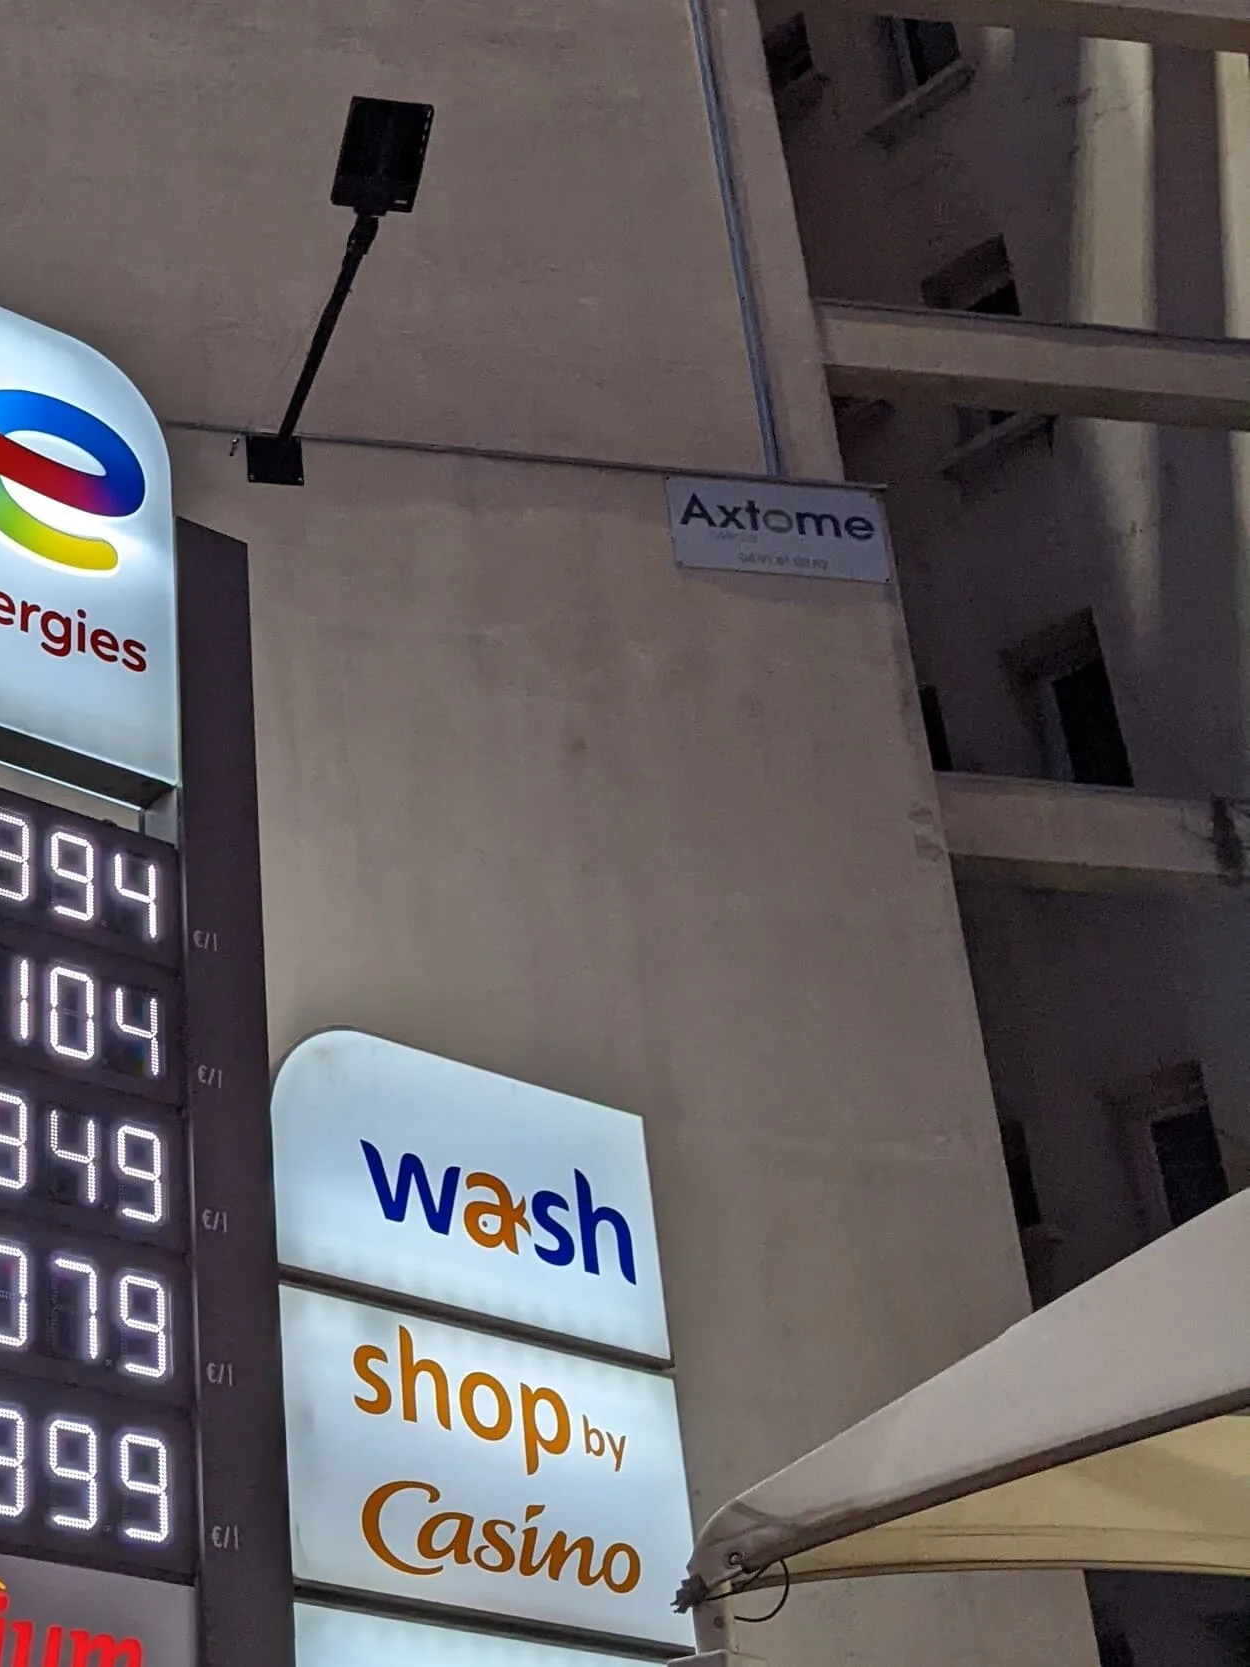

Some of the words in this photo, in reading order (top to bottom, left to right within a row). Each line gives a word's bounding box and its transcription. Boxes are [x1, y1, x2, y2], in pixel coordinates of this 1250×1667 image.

[680, 492, 875, 541] Axtome
[359, 1139, 638, 1286] wash
[352, 1325, 571, 1476] shop
[582, 1414, 628, 1473] by
[360, 1480, 642, 1594] Casino
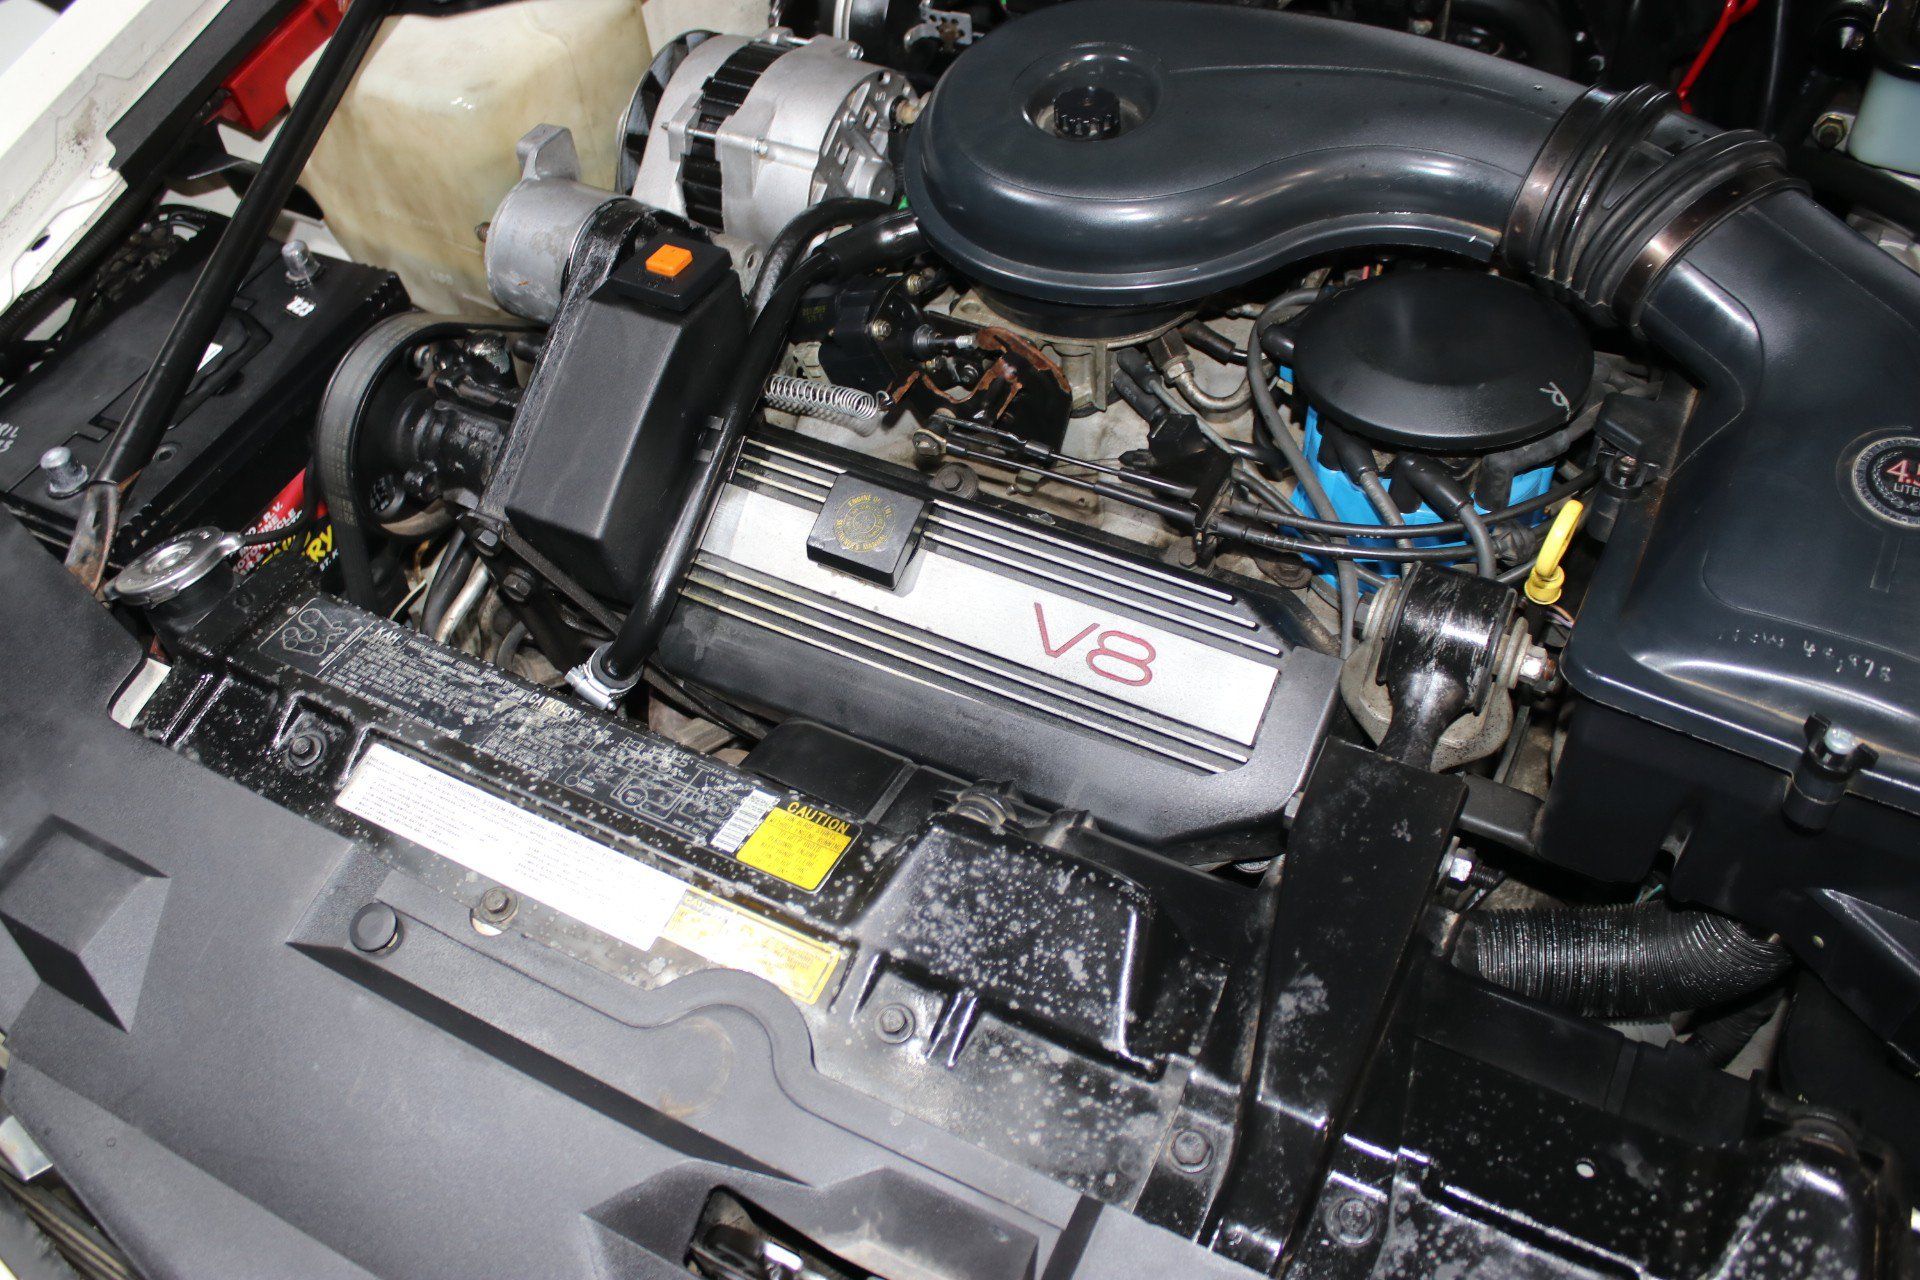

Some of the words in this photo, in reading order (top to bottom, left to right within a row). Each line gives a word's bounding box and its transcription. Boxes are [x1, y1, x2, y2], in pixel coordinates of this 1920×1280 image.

[373, 626, 402, 643] KAH
[1034, 602, 1156, 686] V8
[528, 692, 580, 720] CATALYST
[787, 801, 850, 834] CAUTION
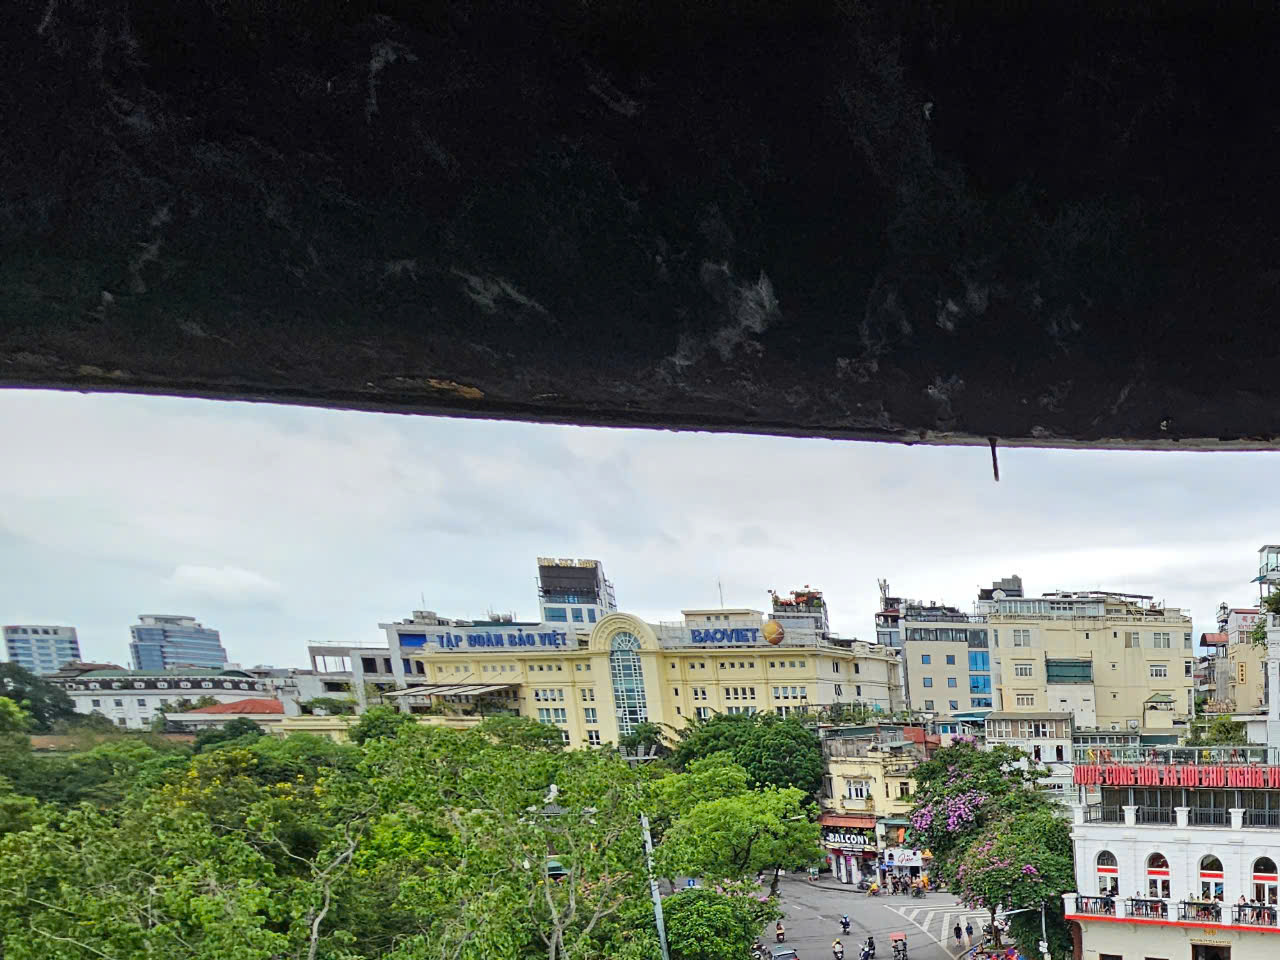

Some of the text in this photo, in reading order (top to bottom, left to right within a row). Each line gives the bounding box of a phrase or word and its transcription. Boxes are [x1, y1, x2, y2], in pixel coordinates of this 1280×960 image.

[436, 628, 567, 650] TẬP ĐOÀN BẢO VIỆT
[691, 628, 759, 643] BAOVIET
[1228, 762, 1264, 788] NGHĨA
[828, 832, 869, 845] BALCONY
════════════════════
__Activity__:
Return all the data exactly, pictures omitted.

__Answer area__:
Some of the words in this photo, in reading order (top to bottom, left to right within a row). Each line gives a word's bounding box and its transcription. Boxes are [x1, y1, x2, y2], in pixel coordinates of this 1250×1667 image.

[680, 492, 875, 541] Axtome
[359, 1139, 638, 1286] wash
[352, 1325, 571, 1476] shop
[582, 1414, 628, 1473] by
[360, 1480, 642, 1594] Casino

Some of the words in this photo, in reading order (top to bottom, left to right within a row). Each line gives a word's bounding box and its transcription. Boxes are [x1, y1, x2, y2], in pixel coordinates of this 1920×1280 image.

[373, 626, 402, 643] KAH
[1034, 602, 1156, 686] V8
[528, 692, 580, 720] CATALYST
[787, 801, 850, 834] CAUTION

Some of the text in this photo, in reading order (top to bottom, left to right within a row). Each line gives the bounding box of a phrase or word and its transcription. Boxes are [x1, y1, x2, y2], in pixel coordinates of this 1280×960 image.

[436, 628, 567, 650] TẬP ĐOÀN BẢO VIỆT
[691, 628, 759, 643] BAOVIET
[1228, 762, 1264, 788] NGHĨA
[828, 832, 869, 845] BALCONY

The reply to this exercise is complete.